It took my girls a while to start using their hammock too, but now they love it  I would try filling it with some materials and things that smell like you, that way they'll have something to burrow in as well as something comforting that has your scent! I also find that they tend to switch what spot they sleep in depending on the weather/temperature of the house, when it's colder they'll snuggle up in their fuzzy pyramid hammock, during the summer they'll mostly sleep in their 'floating' plastic tube (a ferret sized tube zip tied to the top of the cage) or just on top of their shelf. Just recently while I was washing their other hammock I folded a pillow case in half, cut a hole in each corner and zip tied it to the top of the cage, and they've been loving it! It's really big even folded in half, so it takes up a good amount of the cage top, but I think they really enjoy the space. I also placed a pot holder in between the fabric layers, just to give them something more stable to stand on; they've been using it pretty much every night I think since I put it in there. I think I'm going to go to some thrift stores today to try to pick up a few more pillow cases. I also make sure to set them in the hammock for a second as soon as I put it in there, just so that they know it's safe to climb in, etc. They usually jump out immediately, but then they can explore it later without having to fear that it's not going to hold them or whatever.


----------



## ZombieMama (Nov 19, 2012)

This is my hammock boy.  he's the only one that seems to like the hammock so far. Lol 


Sent from my iPhone using Petguide.com Free App


----------



## DragonFire43 (Oct 20, 2012)

tailpop said:


> Haha, no. We gave them names related to northern culture as they are...you know...huskies.  Nanook is actually the master of bears in Inuit mithology. Look at them. They're both look precisely like 2000 lb polar bears, don't they? ;D


Oh I was Thinkin The Lost Boys movie. Their dog is names Nanook


Sent from my iPhone using Petguide.com Free App


----------



## FallDeere (Sep 29, 2011)

My girls didn't use a hammock for two months... and then I got a ferret cube and now they sleep in it and Peachy sleeps on top of it, but they still do not touch the hammock.

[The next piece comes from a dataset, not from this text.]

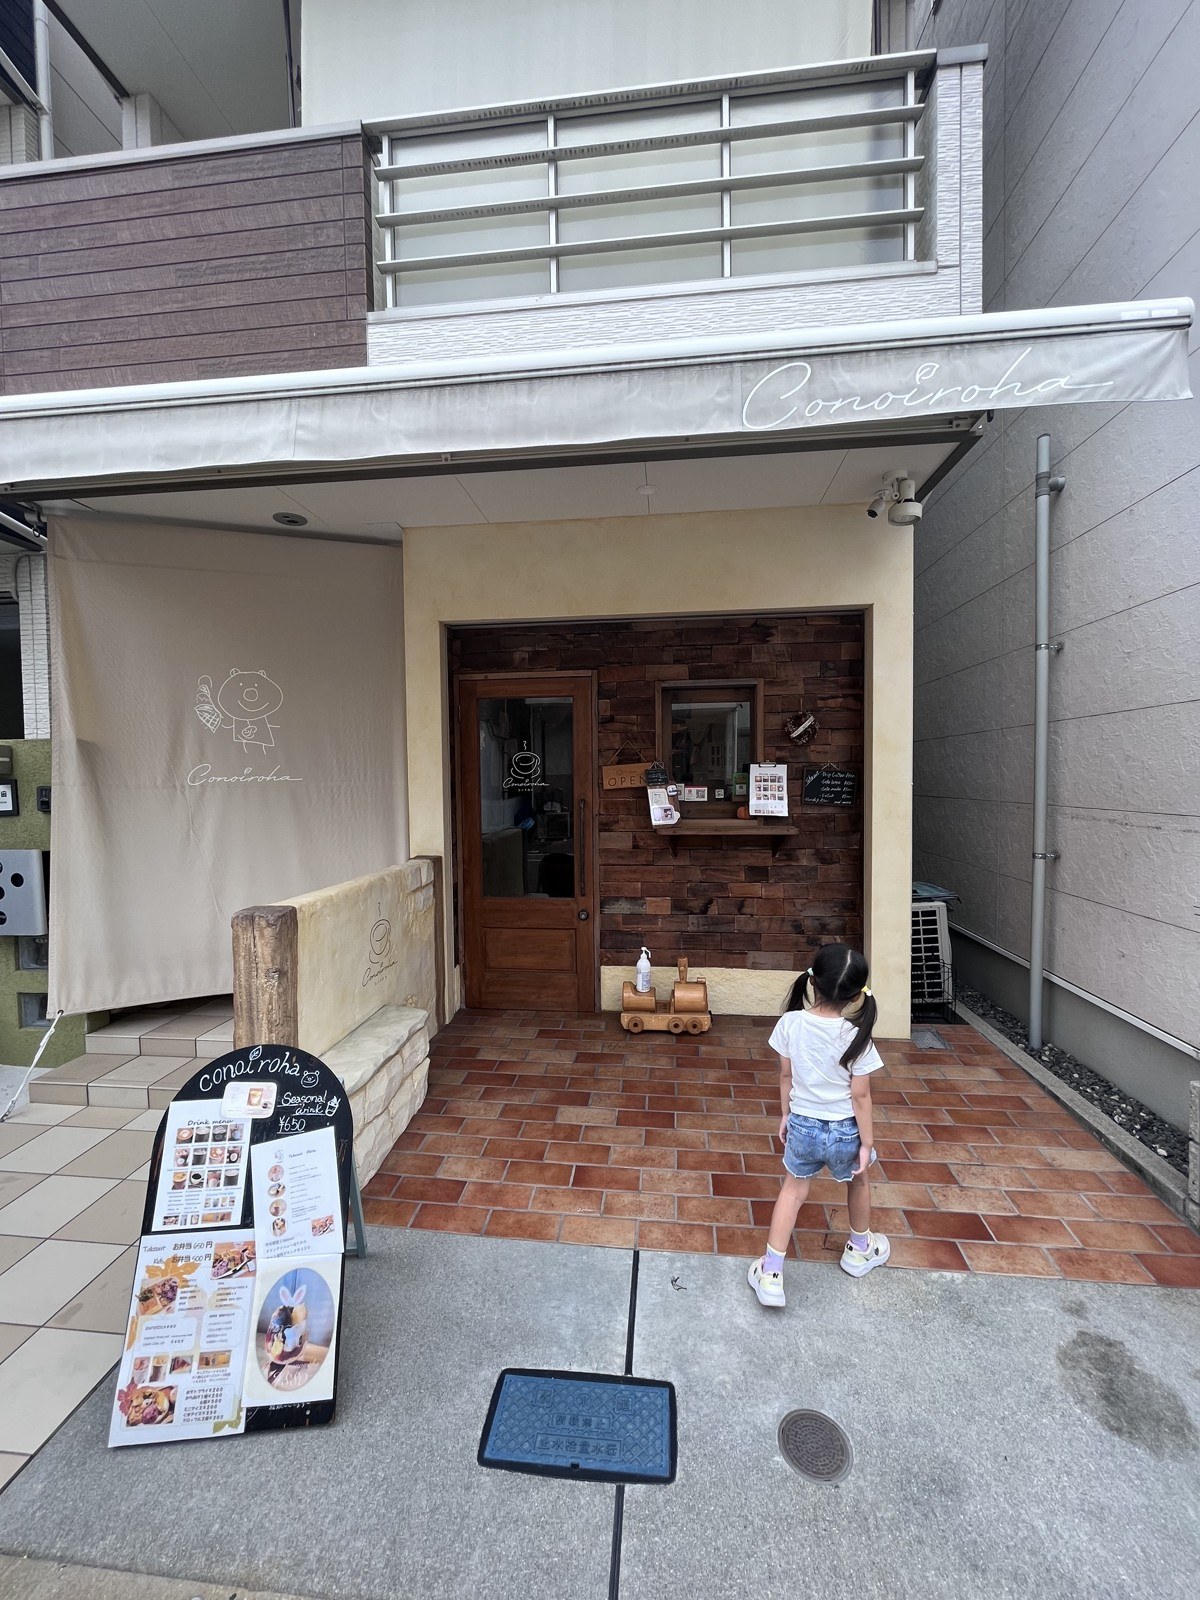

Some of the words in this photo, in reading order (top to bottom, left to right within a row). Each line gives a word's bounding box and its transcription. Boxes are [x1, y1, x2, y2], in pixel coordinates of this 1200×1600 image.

I don't know why Peaches and Cream never discovered the joys of the hammock, but Silver had a few near death experiences with it. She fell from it several times. I think the cube gives her a sense of safety. Also, I think the only reason Peaches sleeps on top of it is that I put a bird perch right next to it, so she has something solid to grab in she needs to.

Rats are very careful when trying new things and I guess sometimes they'll never, or take for ever to, get what something is for and not be afraid to use it. So... Good luck with your babies!


----------



## tailpop (Nov 6, 2012)

Currently they have (and avoid ;D) this one:










But next week we're gonna put these in and see if they like it more:
















And of course a pee-proof Sputnik XL 

Unfortunately I don't live in the US (nor UK) to get the awesome stuff I see in some cages posted, but many people here with ferrets do cool stuff for rats also.

btw... what do you use to fix hammocks? I don't want any more chains as I think it's not so nice-looking, but I'm afraid they will chew through anything else like twine or ropes in a second..


----------



## tailpop (Nov 6, 2012)

thelittleredladybug said:


> TailPop, I offer a hammock called the bunker hammock. It's perfect for those ratties who are scared of open environment hammocks but still allows much breathing room and allows your rattie to lay with his buddies still.
> The hammock is open but has the closed enclosure feeling since the hammock is surrounded by the two top layers and the sides being higher up then a regular hammock.
> You can find them here: I will be adding SOOO many new styles within the next couple of weeks!
> 
> Let me know if you have any questions. Right now, until the 25th, you can get 20% off your entire order by putting this code in your shopping cart: 20perentireorder


I scrolled through your stuff, I love the SpongeBob design


----------



## ZombieMama (Nov 19, 2012)

View attachment 10718

Before my new cage only zombie would climb up an use the hammock but now that it's a lot easier to access they all seem to like it  


Sent from my iPhone using Petguide.com Free App


----------



## kmaria (Nov 30, 2012)

thelittleredladybug said:


> TailPop, I offer a hammock called the bunker hammock. It's perfect for those ratties who are scared of open environment hammocks but still allows much breathing room and allows your rattie to lay with his buddies still.
> The hammock is open but has the closed enclosure feeling since the hammock is surrounded by the two top layers and the sides being higher up then a regular hammock.
> You can find them here: I will be adding SOOO many new styles within the next couple of weeks!
> 
> Let me know if you have any questions. Right now, until the 25th, you can get 20% off your entire order by putting this code in your shopping cart: 20perentireorder


I just ordered our girls a spiderman bunker hammock! Can't wait to try it out with them, what a cool little hammock!


----------



## kmaria (Nov 30, 2012)

update, my rats have already destroyed our spiderman hammock. once they got used to it, they loved lounging in it! and one favored the very top , against the top of the cage and we called it the penthouse LOL. unfortunately they gnawed a lot of little holes in it so we will be ordering a new one soon. i am trying to figure out how to avoid them doing this in the future, but I can't think of anything.


----------